*What you should do*
Repeat the data exactly. Pictures stay out.

━━━ Data

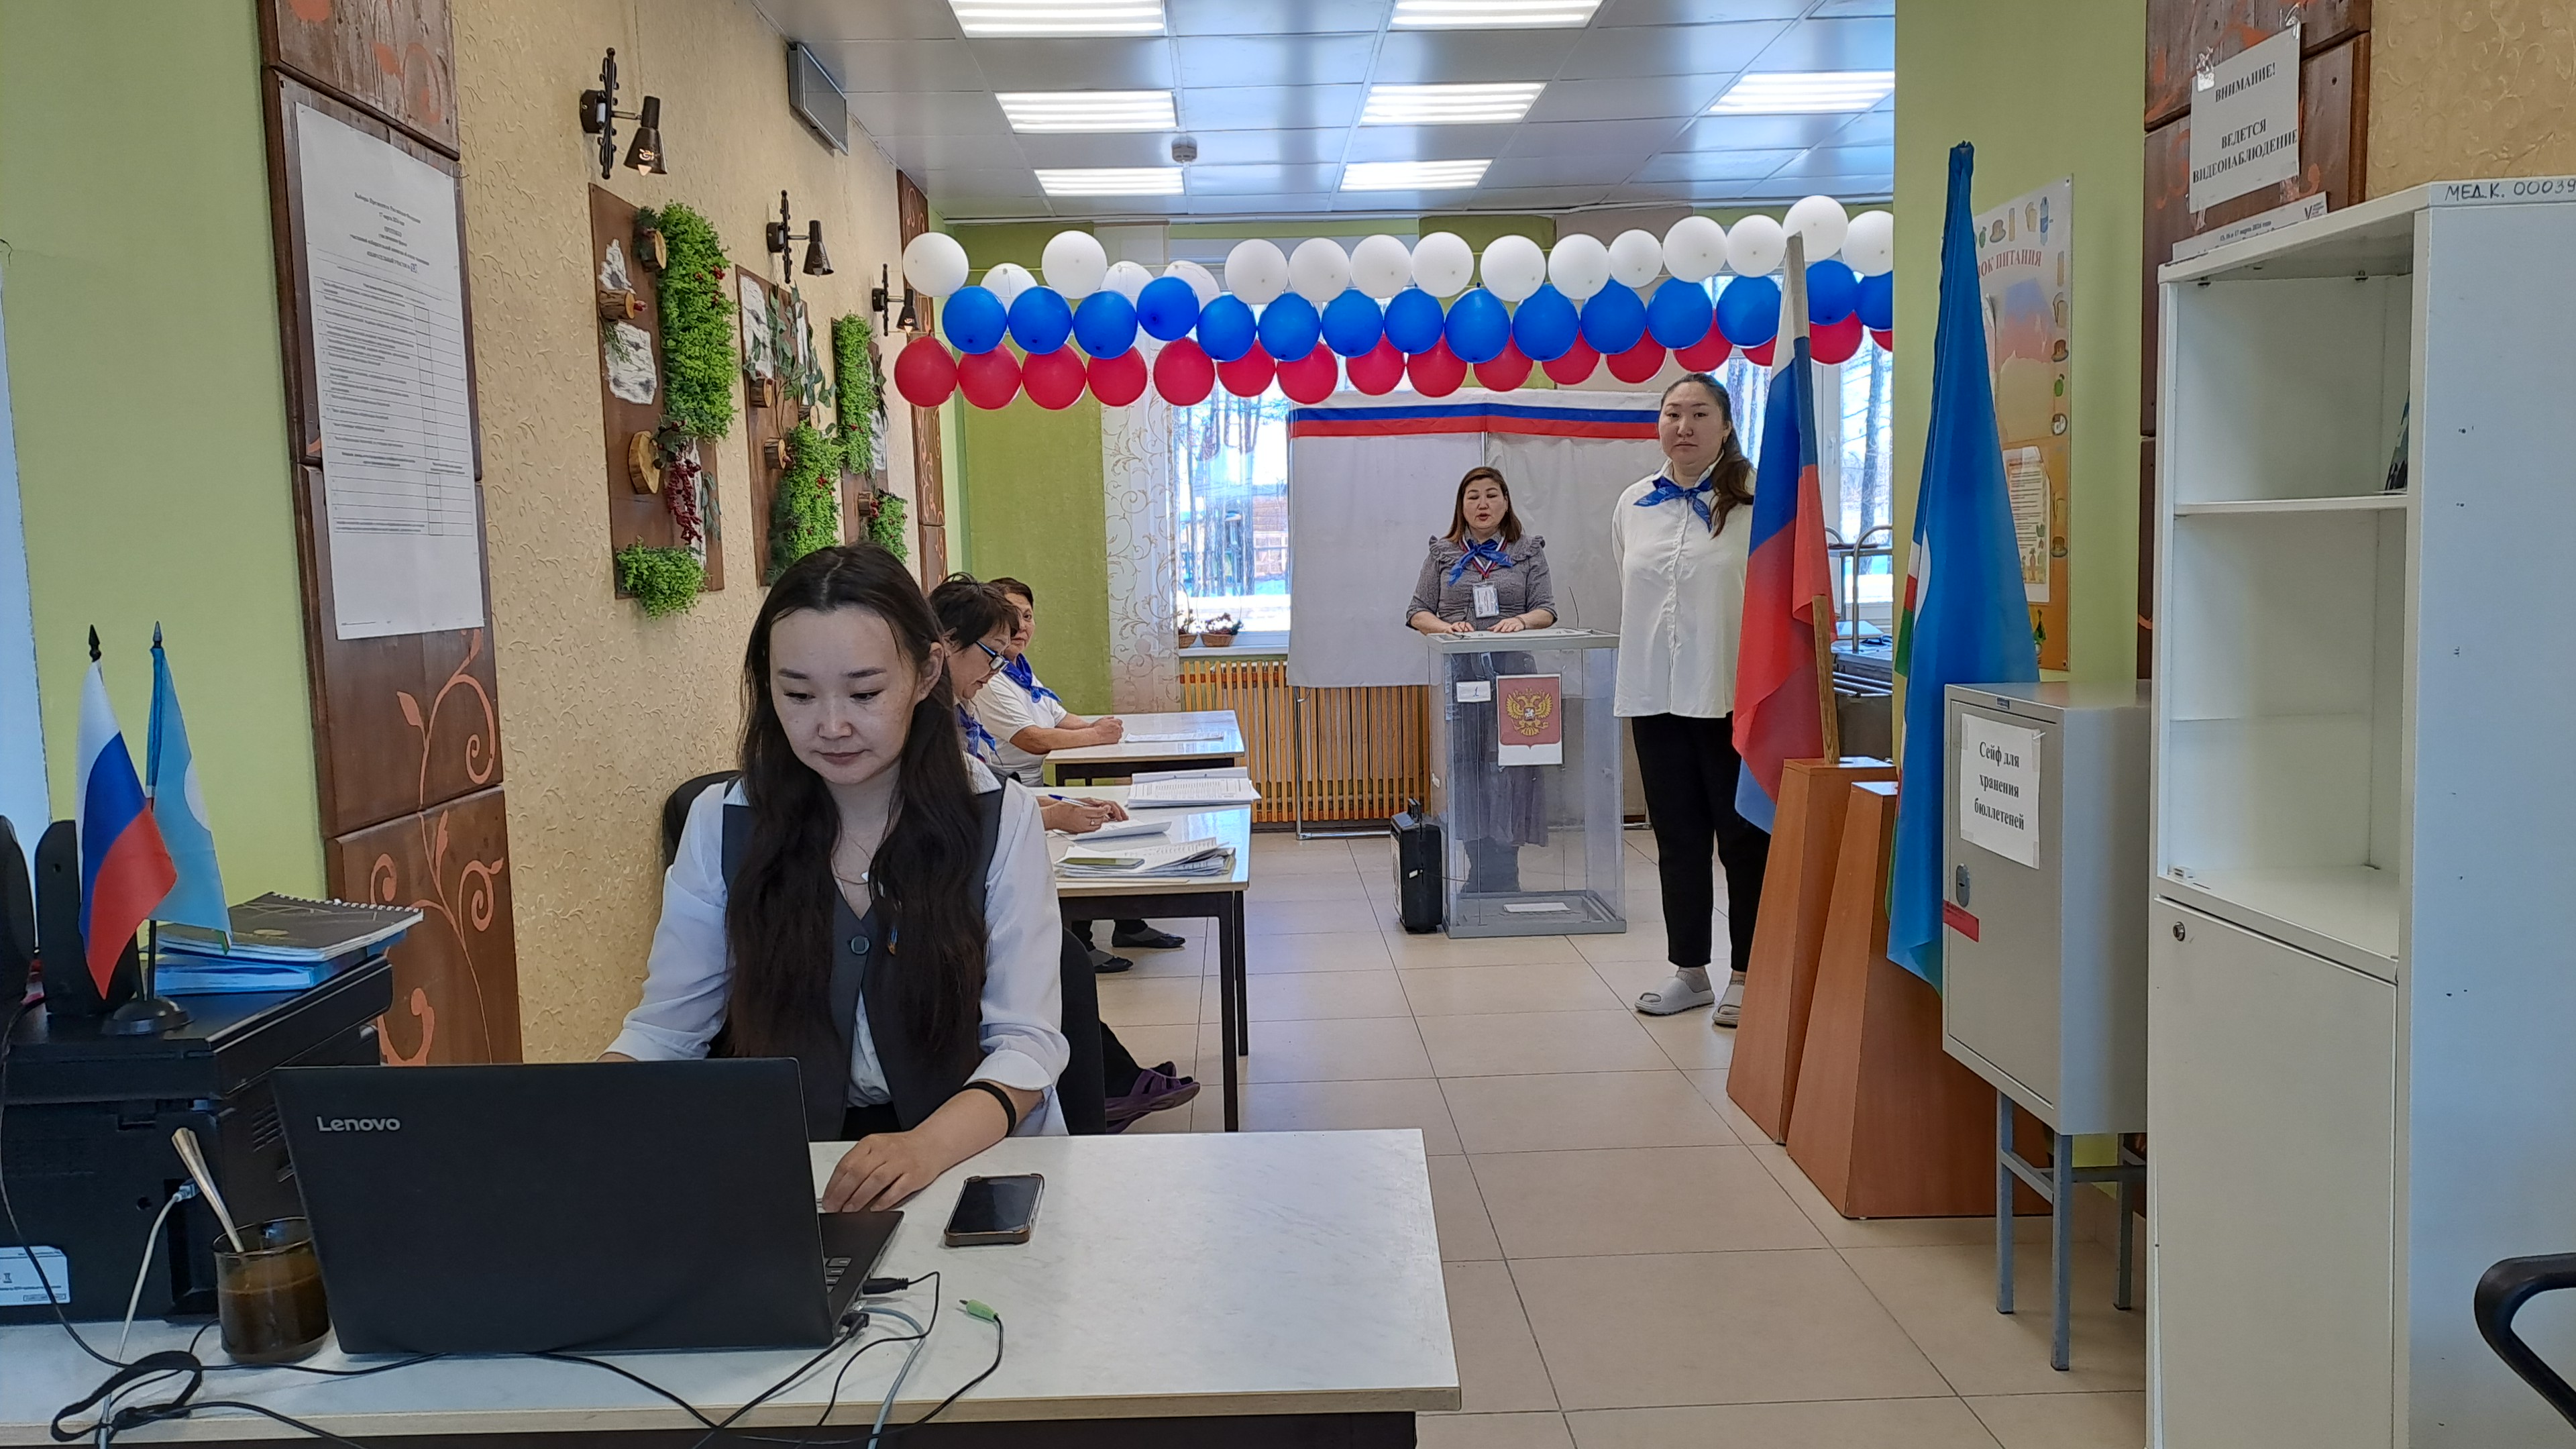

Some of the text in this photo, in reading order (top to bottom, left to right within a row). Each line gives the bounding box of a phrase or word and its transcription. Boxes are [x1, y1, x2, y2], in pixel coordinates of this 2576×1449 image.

[2215, 62, 2275, 102] ВНИМАНИЕ!
[2221, 119, 2266, 149] ВЕДЕТСЯ
[2193, 129, 2298, 183] ВИДЕОНАБЛЮДЕНИЕ
[1996, 249, 2042, 270] ПИТАНИЯ
[1980, 741, 2019, 768] Сейф для
[1979, 773, 2019, 798] хранения
[1974, 797, 2024, 830] бюллетеней
[316, 1116, 401, 1132] Lenovo

━━━━━━

*Solved exercise*
Some of the text in this photo, in reading order (top to bottom, left to right within a row). Each line gives the bounding box of a phrase or word and its transcription. Boxes are [x1, y1, x2, y2], in pixel coordinates of this 2576×1449 image.

[2215, 62, 2275, 102] ВНИМАНИЕ!
[2221, 119, 2266, 149] ВЕДЕТСЯ
[2193, 129, 2298, 183] ВИДЕОНАБЛЮДЕНИЕ
[1996, 249, 2042, 270] ПИТАНИЯ
[1980, 741, 2019, 768] Сейф для
[1979, 773, 2019, 798] хранения
[1974, 797, 2024, 830] бюллетеней
[316, 1116, 401, 1132] Lenovo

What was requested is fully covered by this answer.